I have MS fatigue that is completely exhausting. I literally spend every day in bed watching TV. I have no quality of life. I want to be able to take a shower. Do my laundry. Make my bed. What meds do you take for your fatigue?
Multiple Sclerosis (MS)
hi, how do you sleep at night? I discovered that what helped me stay alert during the day was making sure I slept at least 7 hours a night, as well as eating properly. In my blood tests, I found out that I also lack iron and because of this I have anemia which also contributed to my fatigue. Have you tried doing blood tests to see if other factors could explain your condition?
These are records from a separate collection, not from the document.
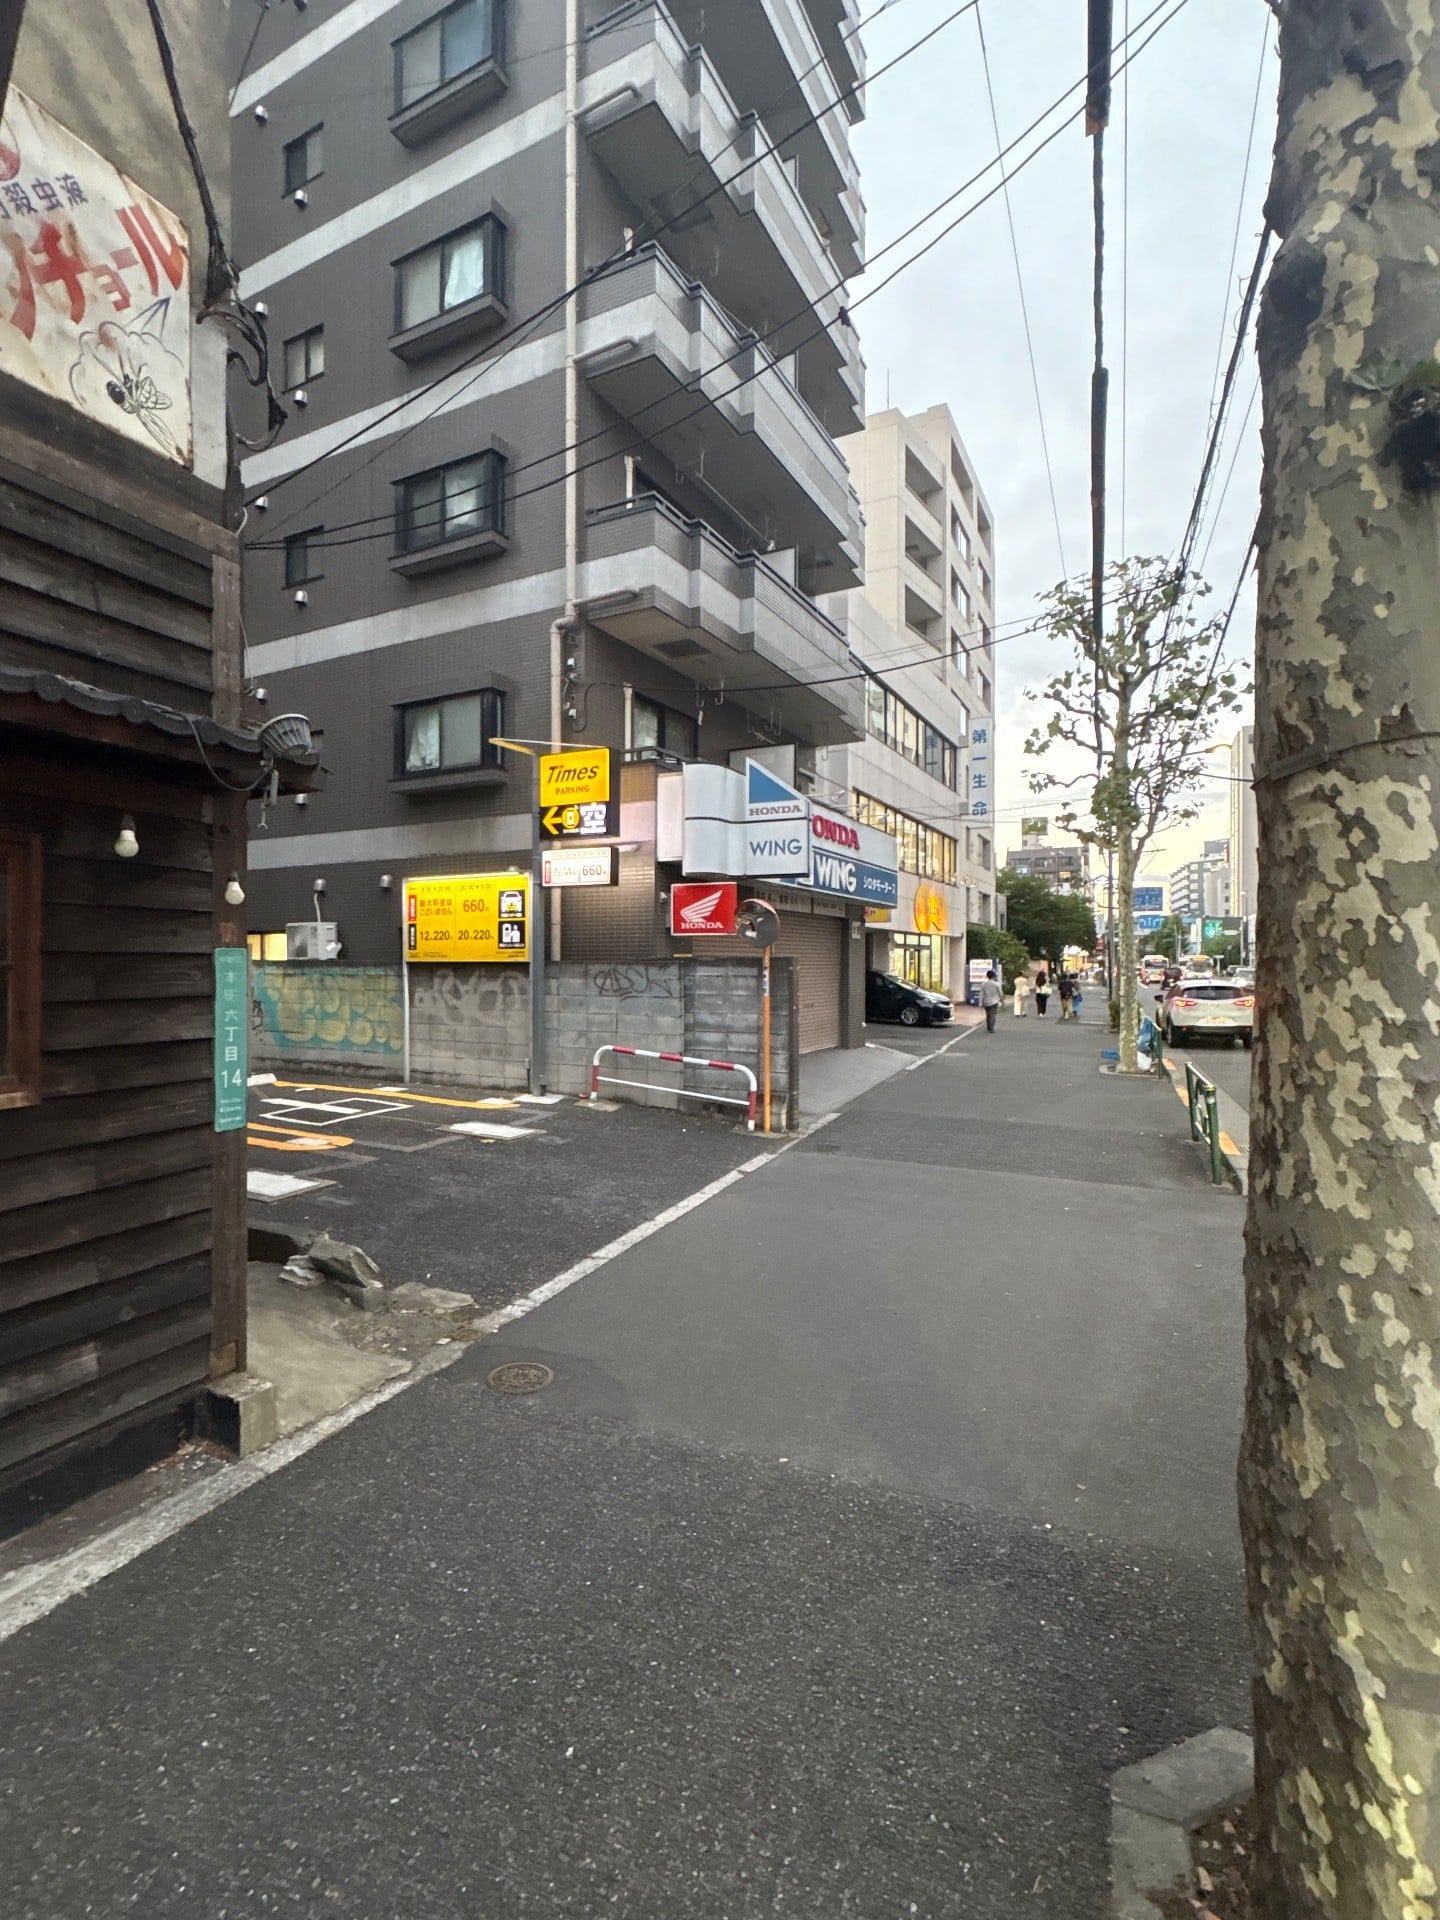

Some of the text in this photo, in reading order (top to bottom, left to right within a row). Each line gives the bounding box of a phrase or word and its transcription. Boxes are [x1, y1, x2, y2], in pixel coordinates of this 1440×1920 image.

[547, 764, 600, 784] Times
[971, 729, 988, 816] 第一生命
[555, 784, 591, 796] PARKING
[580, 802, 607, 834] 空
[749, 804, 802, 816] HONDA
[811, 814, 860, 850] ONDA
[749, 838, 803, 857] WING
[815, 854, 857, 893] WING
[680, 921, 724, 929] HONDA
[221, 1068, 242, 1089] 14
I am in the same boat. I feel like I have no quality of life either. I am a 46-year-old woman, I work from home in social media so luckily I am able to do most of my work from my phone. But it also means I don’t need to get out of bed for the most part and I don’t. I have zero motivation. I don’t sleep well at night, I have a lot of pain in my legs and I’m just always so damn exhausted all I wanna do is stay in my bed. I’m sick of this whole thing to be honest
To Bears Mom: my ms fatigue is more cognitive than physical and I've been taking Adderall XR for years. It works great for me but getting the prescriptions is very taxing due to it being a controlled substance.
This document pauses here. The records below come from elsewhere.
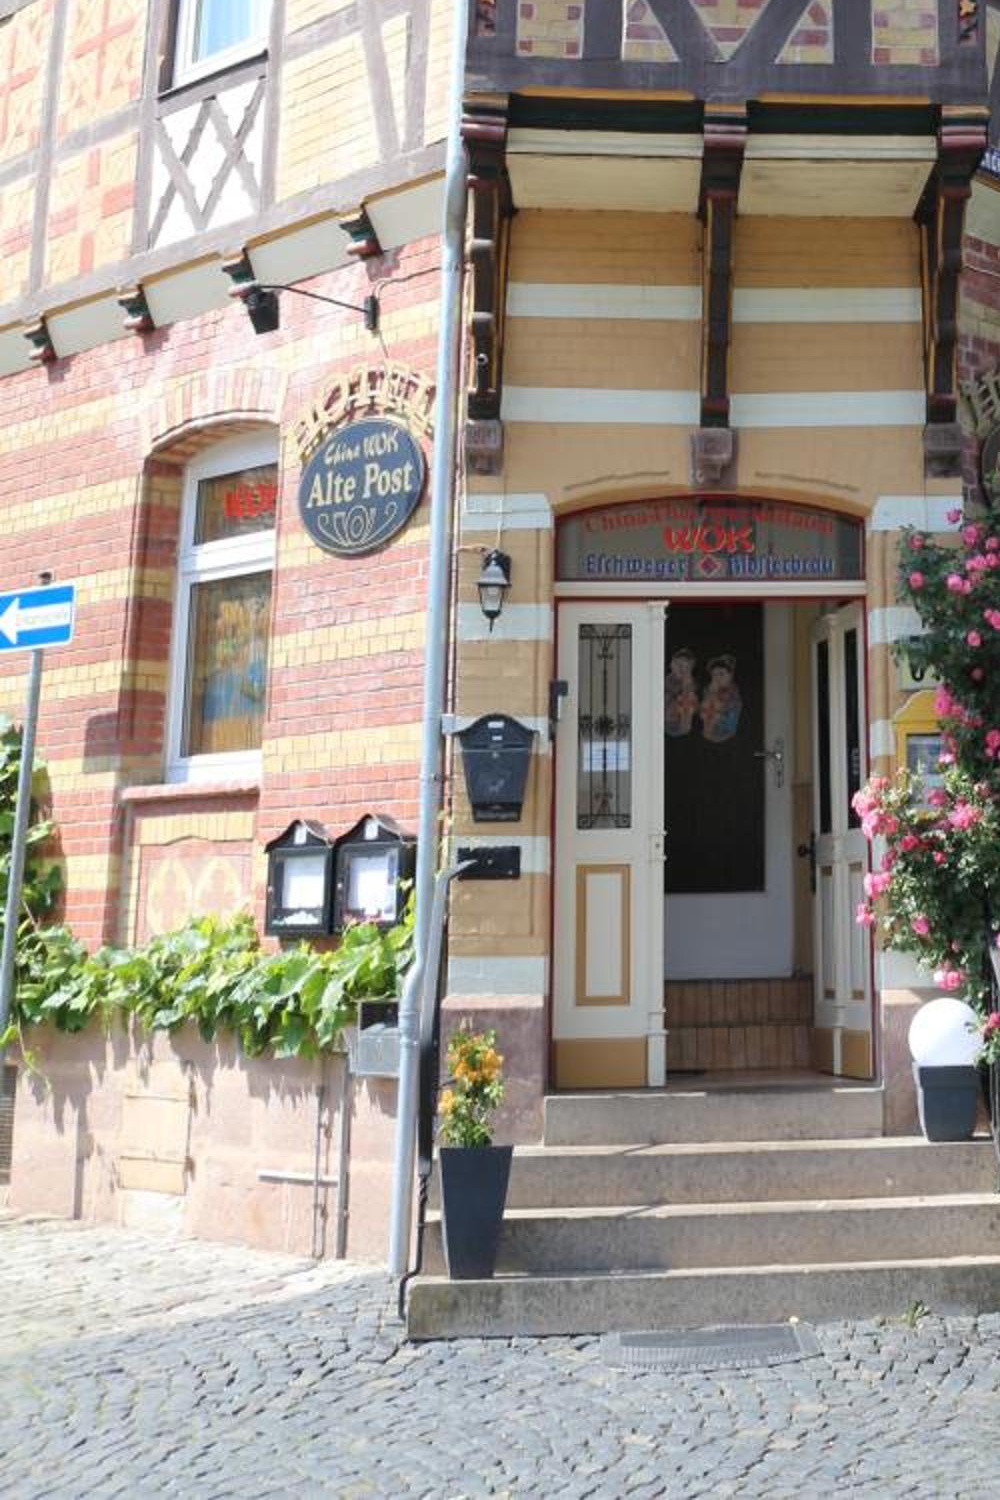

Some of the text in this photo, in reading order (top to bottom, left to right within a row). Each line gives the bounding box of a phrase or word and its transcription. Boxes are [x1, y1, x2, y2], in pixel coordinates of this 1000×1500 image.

[324, 427, 400, 466] China WOK
[306, 459, 414, 509] Alte Post
[662, 524, 756, 554] WOK
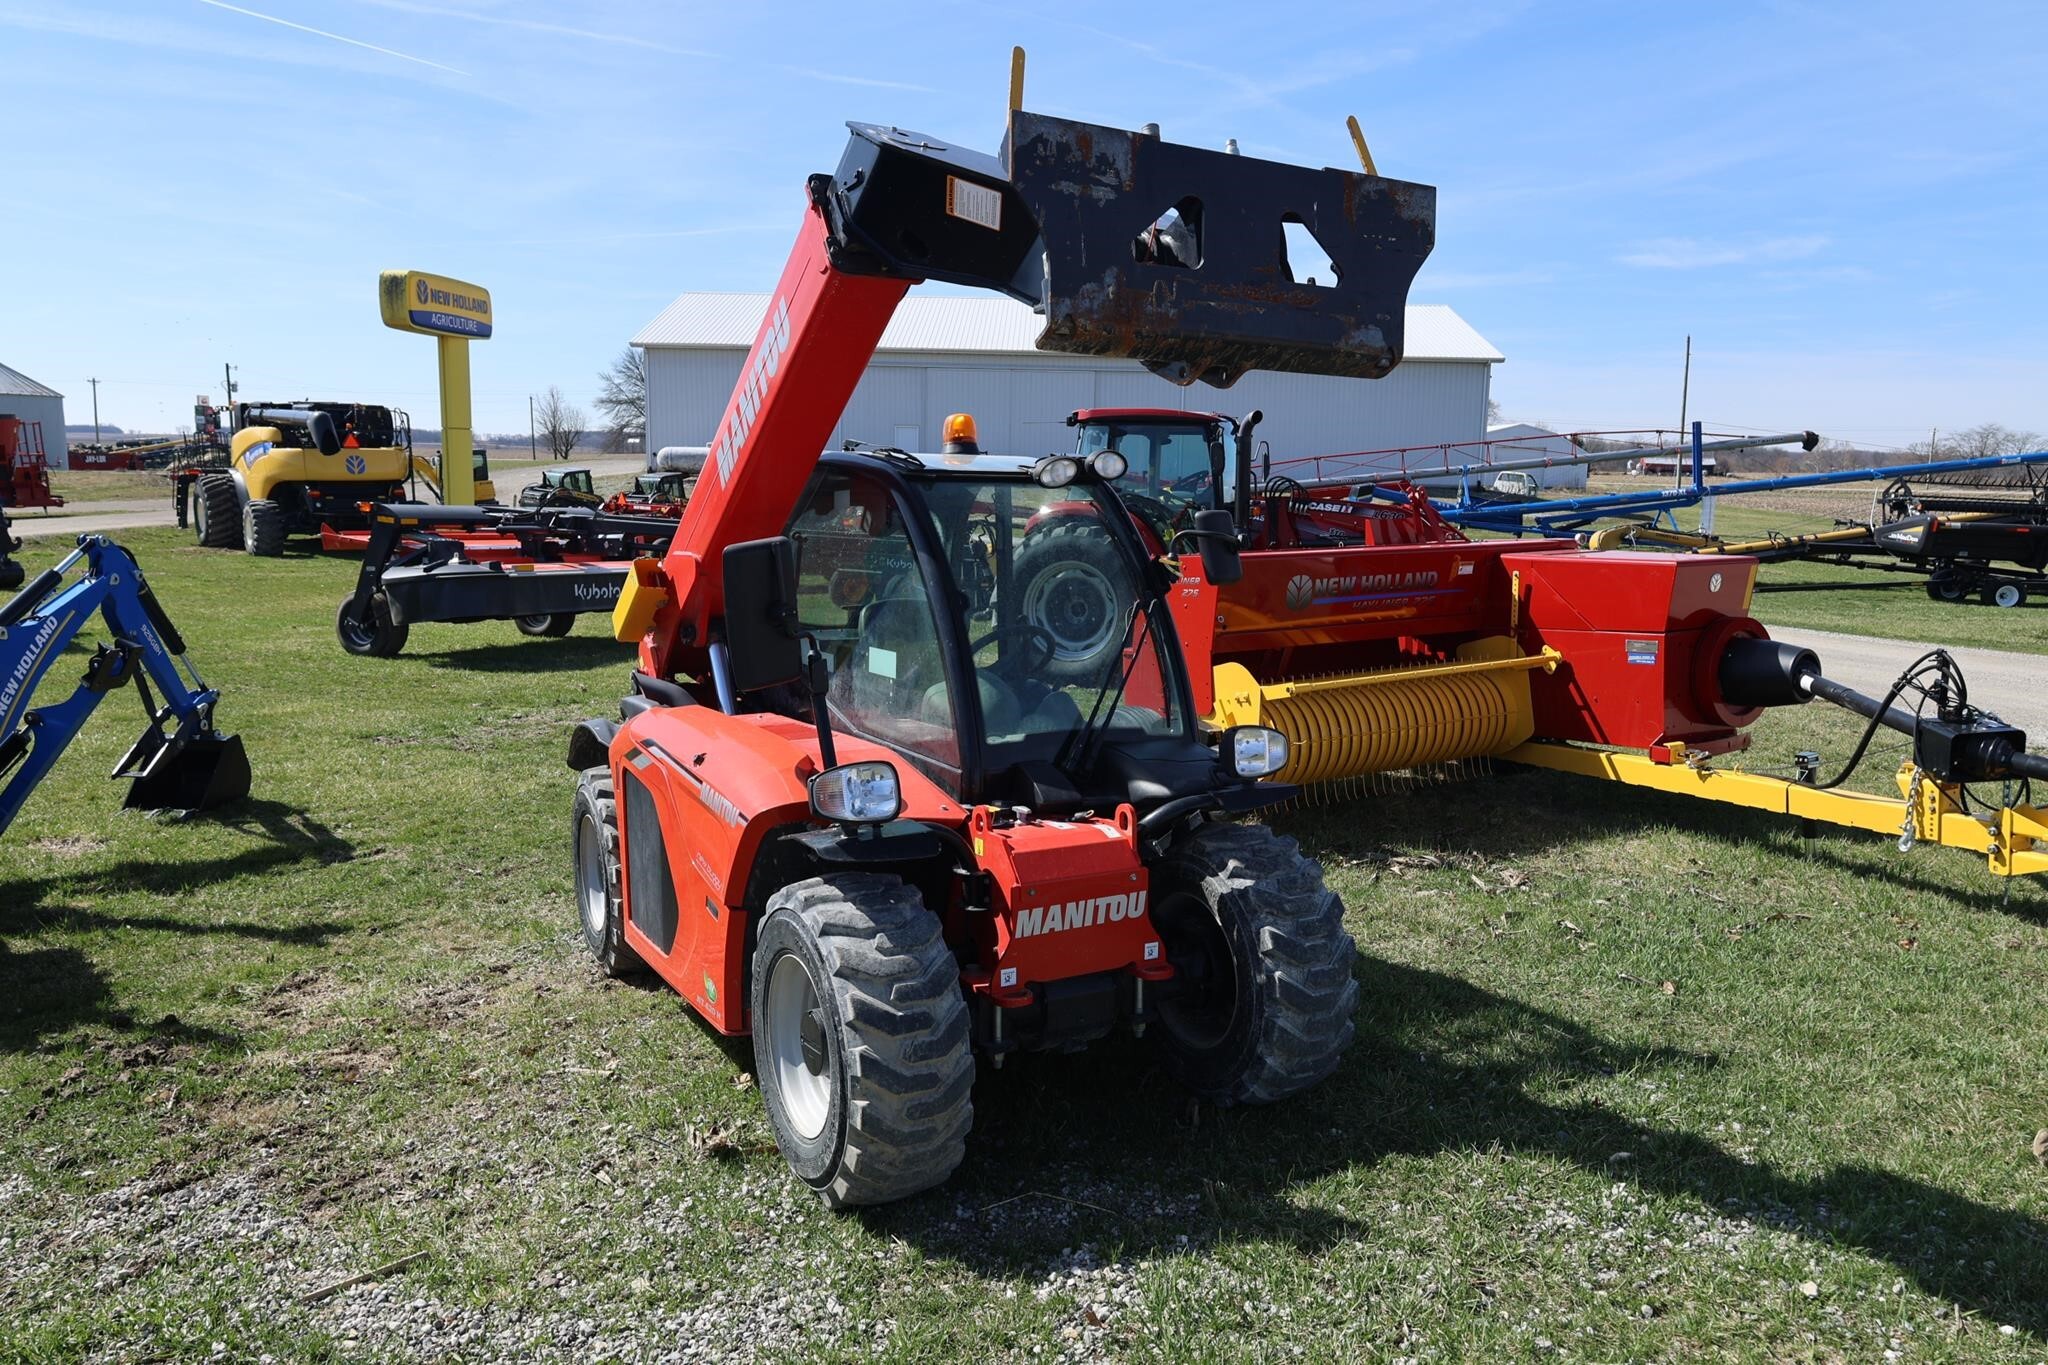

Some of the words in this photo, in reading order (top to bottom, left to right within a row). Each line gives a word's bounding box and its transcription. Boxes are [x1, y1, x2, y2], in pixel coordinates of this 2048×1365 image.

[430, 288, 451, 306] NEW
[452, 293, 488, 314] HOLLAND
[431, 313, 478, 332] AGRICULTURE
[716, 294, 791, 491] MANITOU
[1182, 588, 1200, 598] 275
[1314, 576, 1357, 595] NEW
[1360, 571, 1439, 591] HOLLAND
[0, 678, 19, 716] NEW
[13, 615, 58, 680] HOLLAND
[700, 781, 740, 829] MANITOU
[1015, 890, 1148, 939] MANITOU
I do a lot of watching tv myself.
All I know, it is not our fault that we have this disease.
exactly, I feel like everyone is so different and trying to figure out how each of our bodies work is so exhausting
I was same way until I did alot of work on my gut health, cut out inflammatory foods, and did stem cell activation. Adding good prebotic and probotic also helped too. I went from bed ridden to being able to work full time agian. It is possible, don't give up. My functional nurse/nutrionist is amazing and taught me alot. Happy to share recipes.
please share anything
I have been suffering from the lack of motivaion myself.
I take Modafinil (provigil) and it helps me make it through the day without feeling nervous. I’m also self employed now.
I was on disability for years then my symptoms stabilized enough I decided to try going back to work. Failed a couple of times. Bosses didn’t understand why I couldn’t “work any faster”. Disclosing my condition never helped.